Monday, July 20, 2015

My Little Problem


Calories! The answer to my  previous post question: where am I going wrong. Already reminding me why I hate dieting, but I'm trying to ignore that thought.

I have regular oatmeal, not the package that has all the sugar (though I used to eat the stuff with all the sugar).  Then mid-day I have an apple. Then I have a lunch, usually a salad. Then another snack, usually celery with some PB for dipping or a small box of raisins. To curb cravings I munch on sugar free mints (used to be gum) and sugar free werthers caramel candy. These are all the healthy habits I developed thanks to April's experiment of healthy diet/ living.

 Dinner is where I am a disaster. Alfredo pasta, potatoes loaded with butter, and usually ice cream to follow, or sometimes just the ice cream for dinner. Whatever I'm craving and is quick is my dinner. Healthy? What healthy?

So I was surprised to realize that it's not dinner alone. My healthy choices are a great start, but I'm not there yet. If I want to enjoy a halfway decent dinner (400 calories is my goal, or I'll end up snacking all night) I need to cut out more throughout my day, such as switching out 2% milk with my oatmeal to almond milk instead.

Thus showing the importance of calorie counting.

Counting calories sucks. Believe me, I know!

 I cannot get my own father to calorie count in order to lose weight for his life-saving cancer surgery! 

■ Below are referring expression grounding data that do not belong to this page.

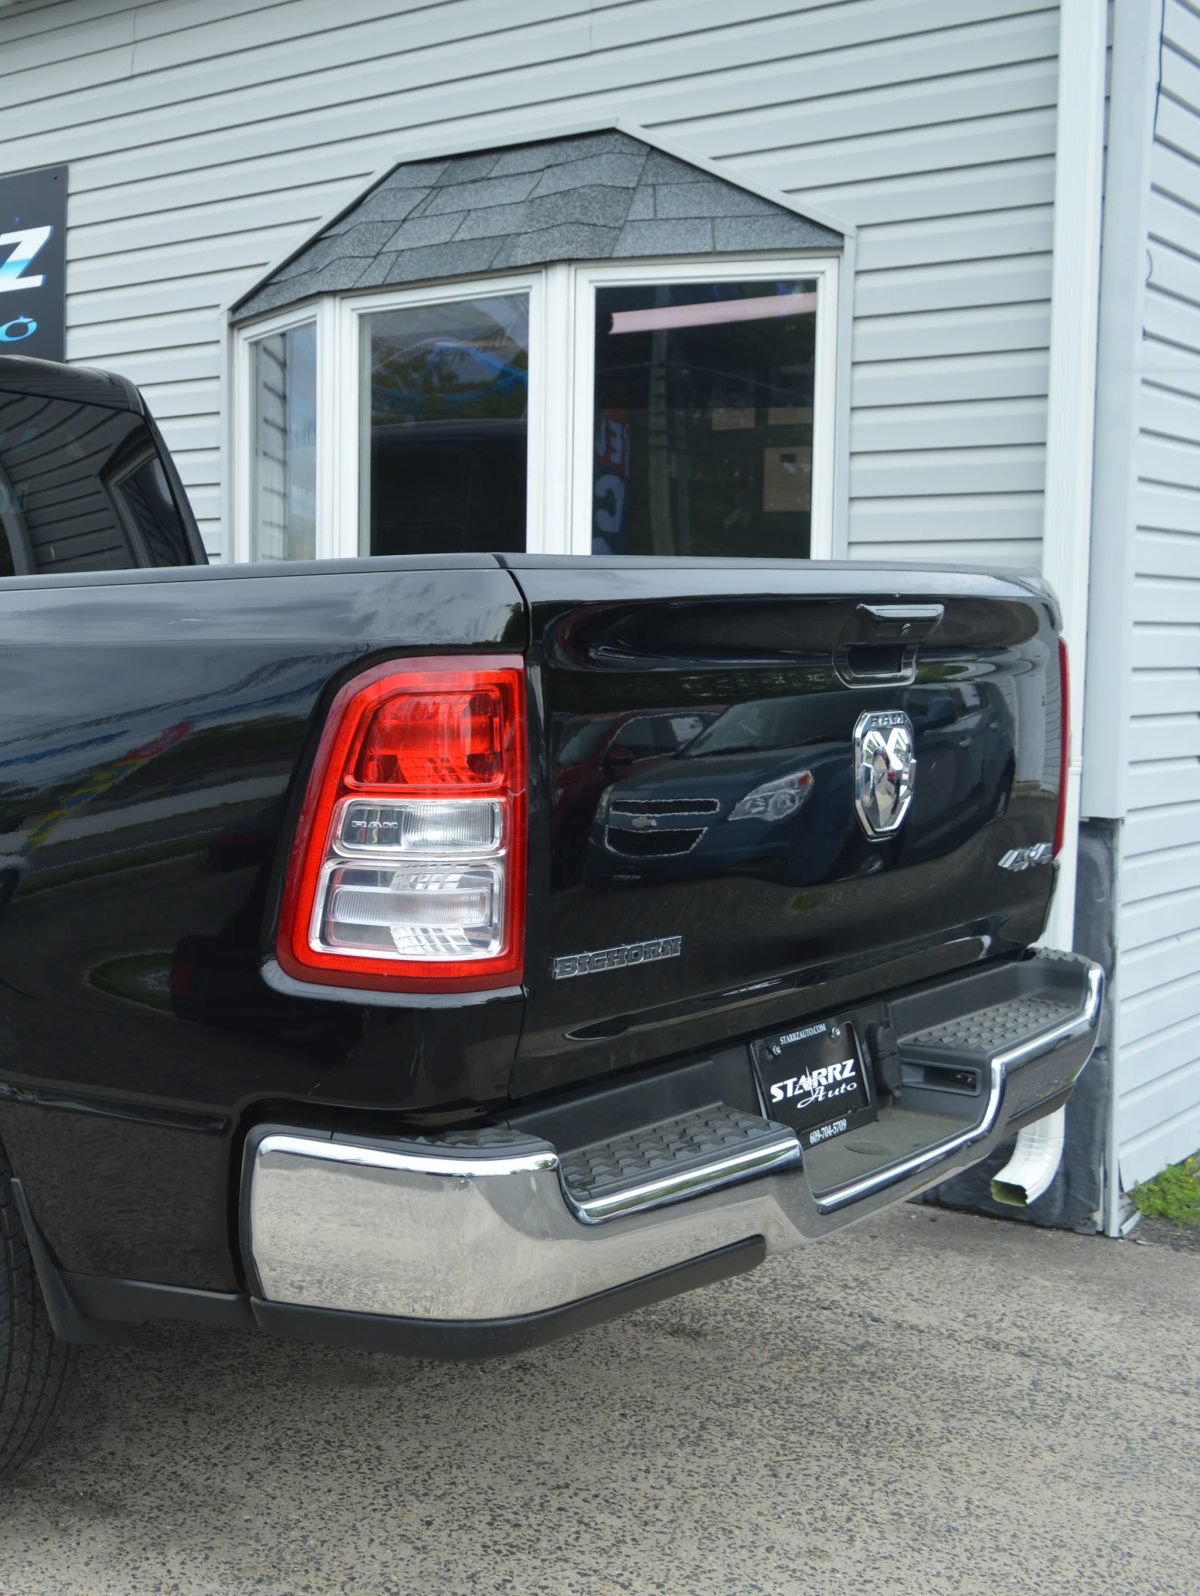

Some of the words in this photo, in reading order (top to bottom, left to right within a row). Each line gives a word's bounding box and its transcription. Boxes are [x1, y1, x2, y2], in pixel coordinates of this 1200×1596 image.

[870, 713, 905, 728] RAM
[351, 820, 399, 830] RAM
[779, 1023, 827, 1046] STARRZAUTO.COM
[770, 1058, 856, 1103] STARRZ
[796, 1082, 858, 1109] Auto
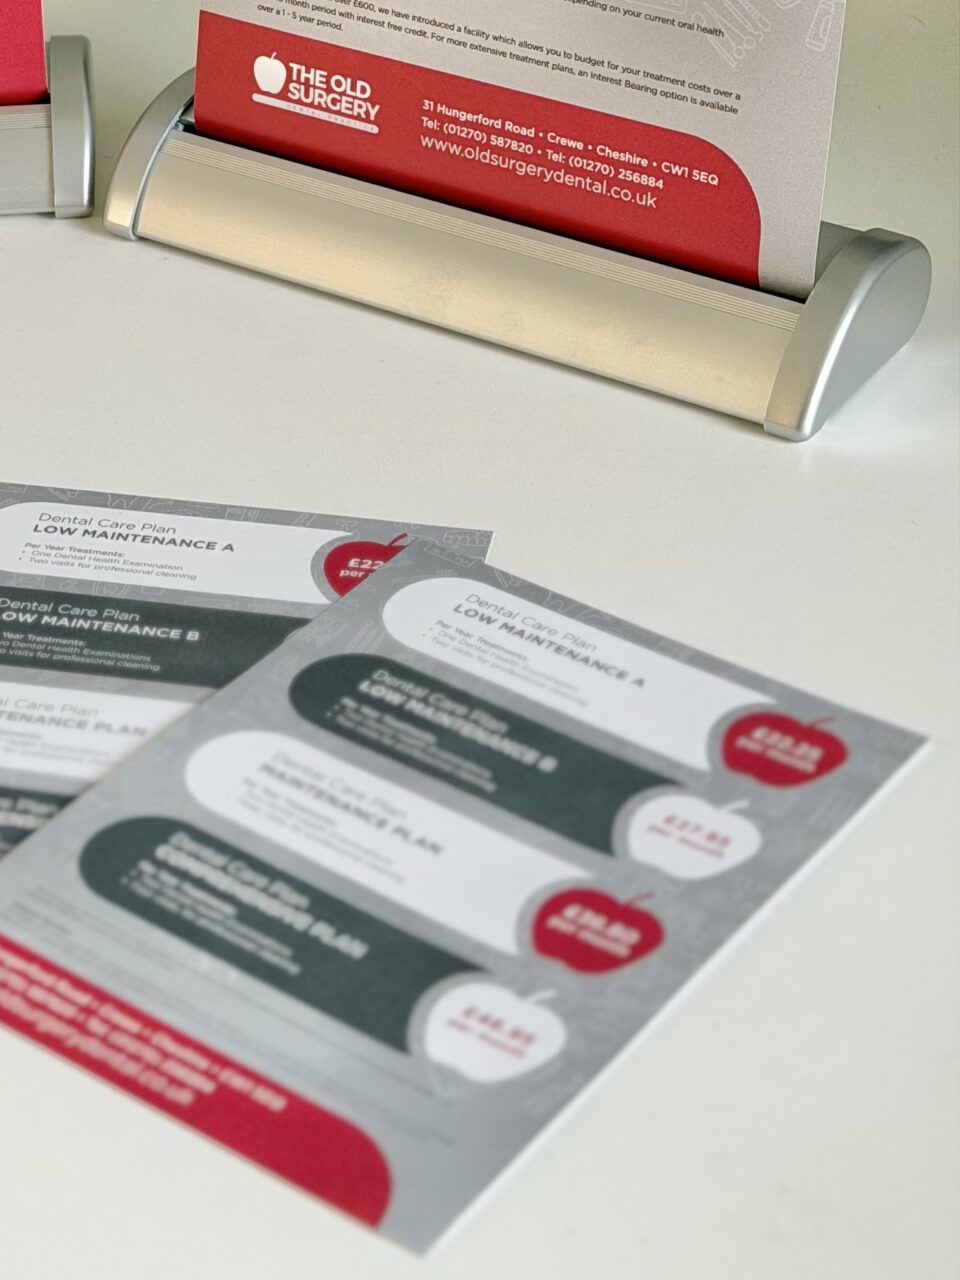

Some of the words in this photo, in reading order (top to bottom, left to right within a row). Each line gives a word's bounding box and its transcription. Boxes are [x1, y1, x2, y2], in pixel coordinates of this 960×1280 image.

Me: 'Dad, it's probably calories.' 
Dad: 'No, Meggie, I'm not eating anything these days!'
Once I made sure he's exaggerating, I repeat 'Dad, it's probably the calories. Are you really watching every little item- 1 handful of nuts, 1 tbsp of dressing- that you put in your mouth?'
He informed me he is. He's baffled.
Me: 'You'd be surprised, dad. You have to count everything. Even one m&m.'
Dad: 'What do you mean count? How do I know what's in each item?'
Me:  'Look at every label; every mayo label, every bread label. I promise you, you're not counting something up.'
Dad: "All that stuff? No, I'm not doing that. What I'm doing now is fine. I know I'm under-eating.'

I know I will not get through to him, but I also know I'm right because time and again I have situations like today when I don't realize just how many calories something really is.

Joy to finding the answer, pain to having to find the solution.